> _Assignment_
Copy the lines below as they are; omit the images they contain.
Start of Data for the task
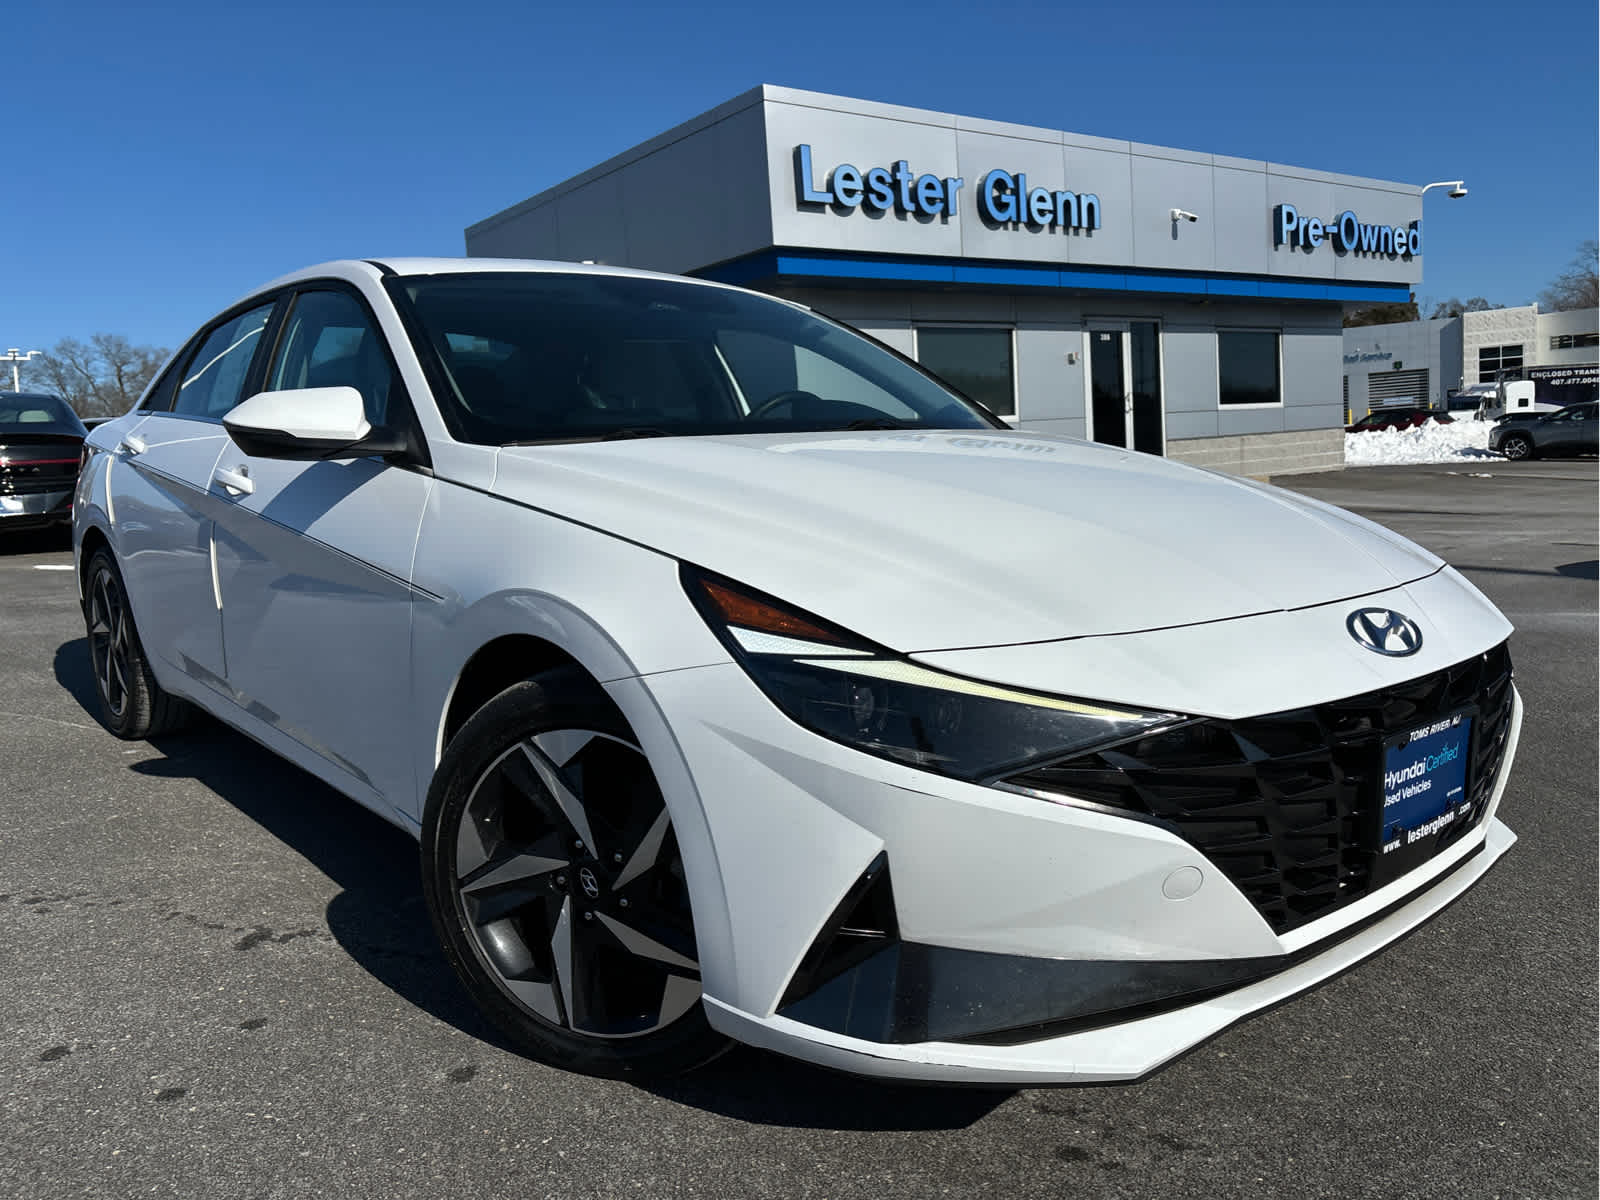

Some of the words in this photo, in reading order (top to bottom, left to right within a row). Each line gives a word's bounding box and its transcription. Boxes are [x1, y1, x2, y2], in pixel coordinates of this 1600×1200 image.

[794, 143, 964, 220] Lester
[978, 168, 1101, 233] Glenn
[1274, 203, 1422, 260] Pre-Owned
[1531, 370, 1573, 379] ENCLOSED
[1410, 726, 1430, 742] TOMS
[1451, 713, 1462, 726] NJ
[1384, 757, 1426, 790] Hyundai
[1426, 741, 1459, 772] Certified
[1402, 779, 1432, 800] Vehicles
[1408, 811, 1454, 844] lesterglenn
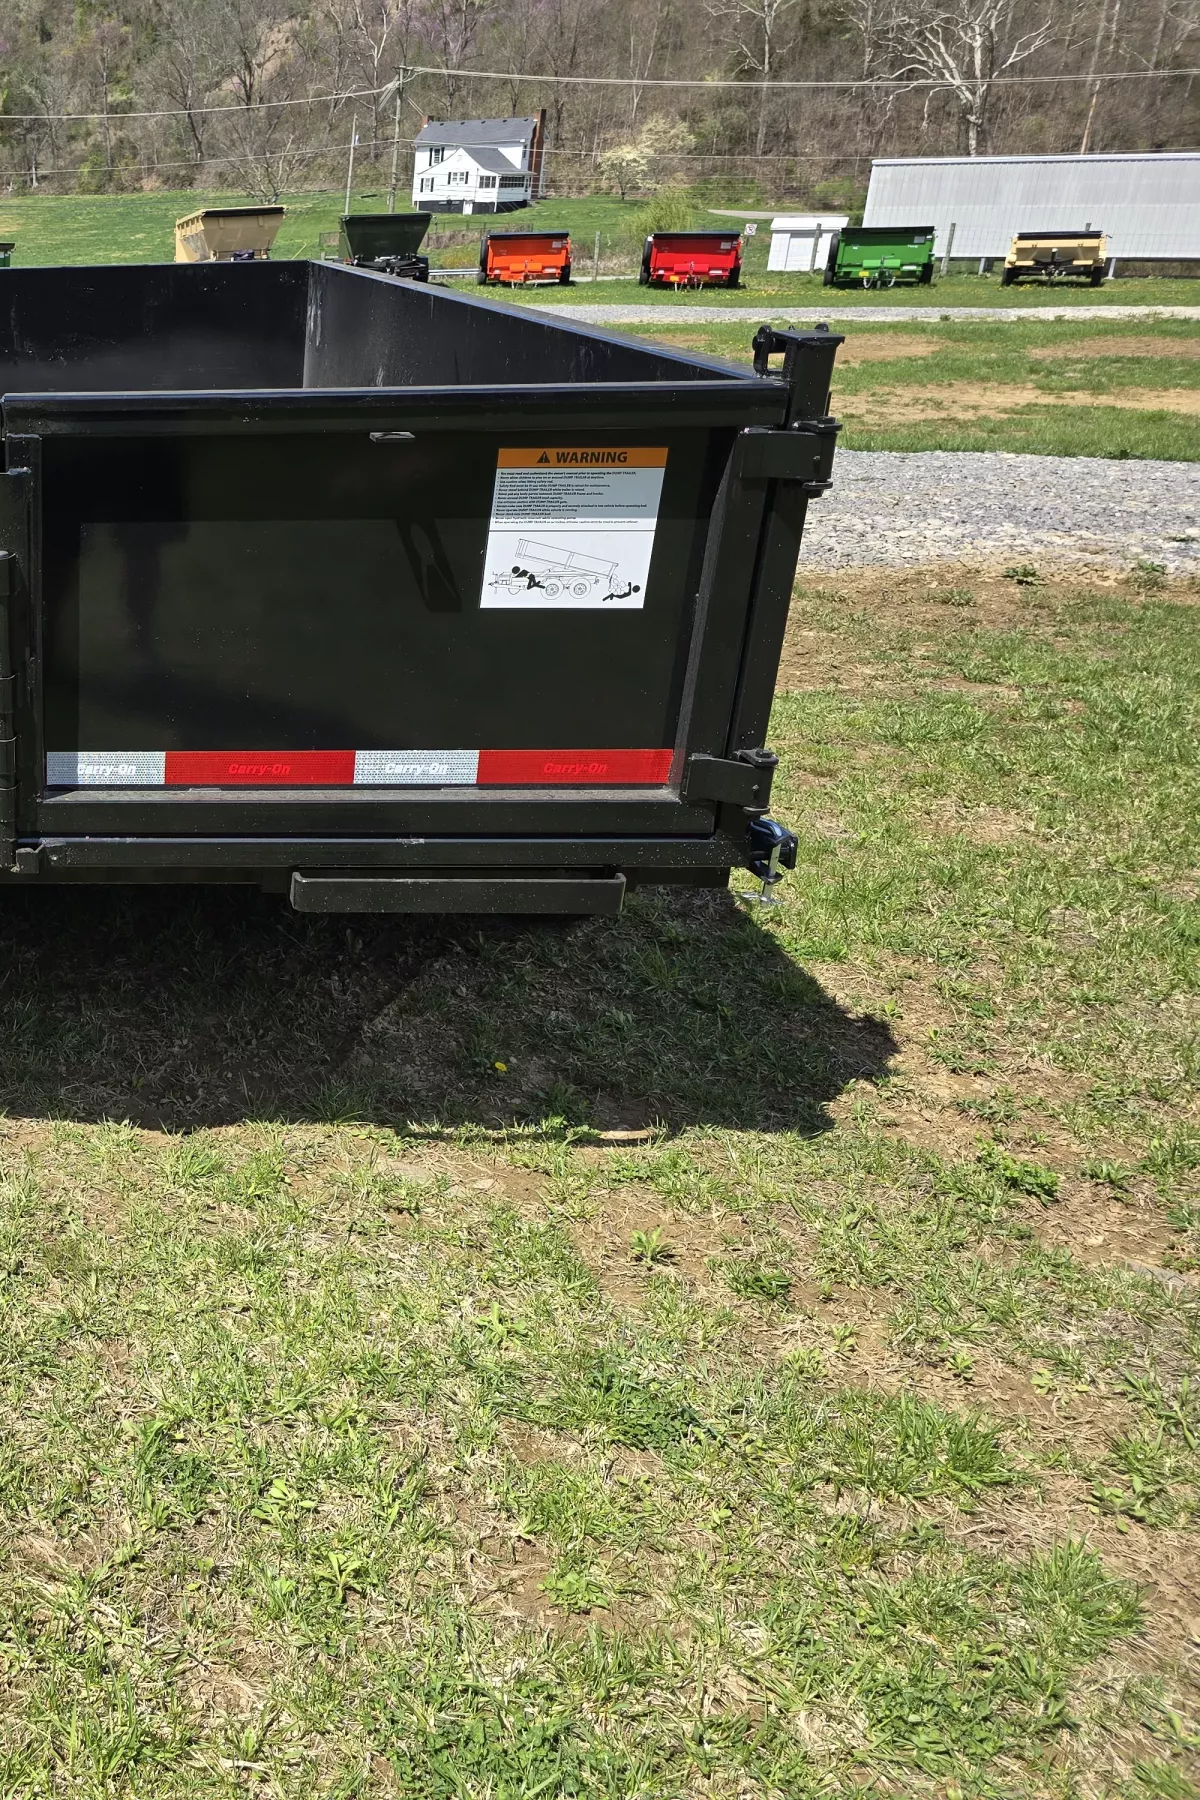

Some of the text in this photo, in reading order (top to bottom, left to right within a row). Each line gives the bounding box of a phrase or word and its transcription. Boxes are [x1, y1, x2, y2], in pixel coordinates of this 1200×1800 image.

[556, 452, 627, 463] WARNING
[228, 764, 290, 776] Carry-On
[385, 764, 446, 775] Carry-On
[544, 763, 607, 774] Carry-On
End of Data for the task
> _Output below_
Some of the words in this photo, in reading order (top to bottom, left to right within a row). Each line gives a word's bounding box and its transcription. Boxes are [x1, y1, x2, y2], in pixel coordinates of this 1600×1200 image.

[794, 143, 964, 220] Lester
[978, 168, 1101, 233] Glenn
[1274, 203, 1422, 260] Pre-Owned
[1531, 370, 1573, 379] ENCLOSED
[1410, 726, 1430, 742] TOMS
[1451, 713, 1462, 726] NJ
[1384, 757, 1426, 790] Hyundai
[1426, 741, 1459, 772] Certified
[1402, 779, 1432, 800] Vehicles
[1408, 811, 1454, 844] lesterglenn

Some of the text in this photo, in reading order (top to bottom, left to right within a row). Each line gives the bounding box of a phrase or word and its transcription. Boxes are [x1, y1, x2, y2], in pixel coordinates of this 1200×1800 image.

[556, 452, 627, 463] WARNING
[228, 764, 290, 776] Carry-On
[385, 764, 446, 775] Carry-On
[544, 763, 607, 774] Carry-On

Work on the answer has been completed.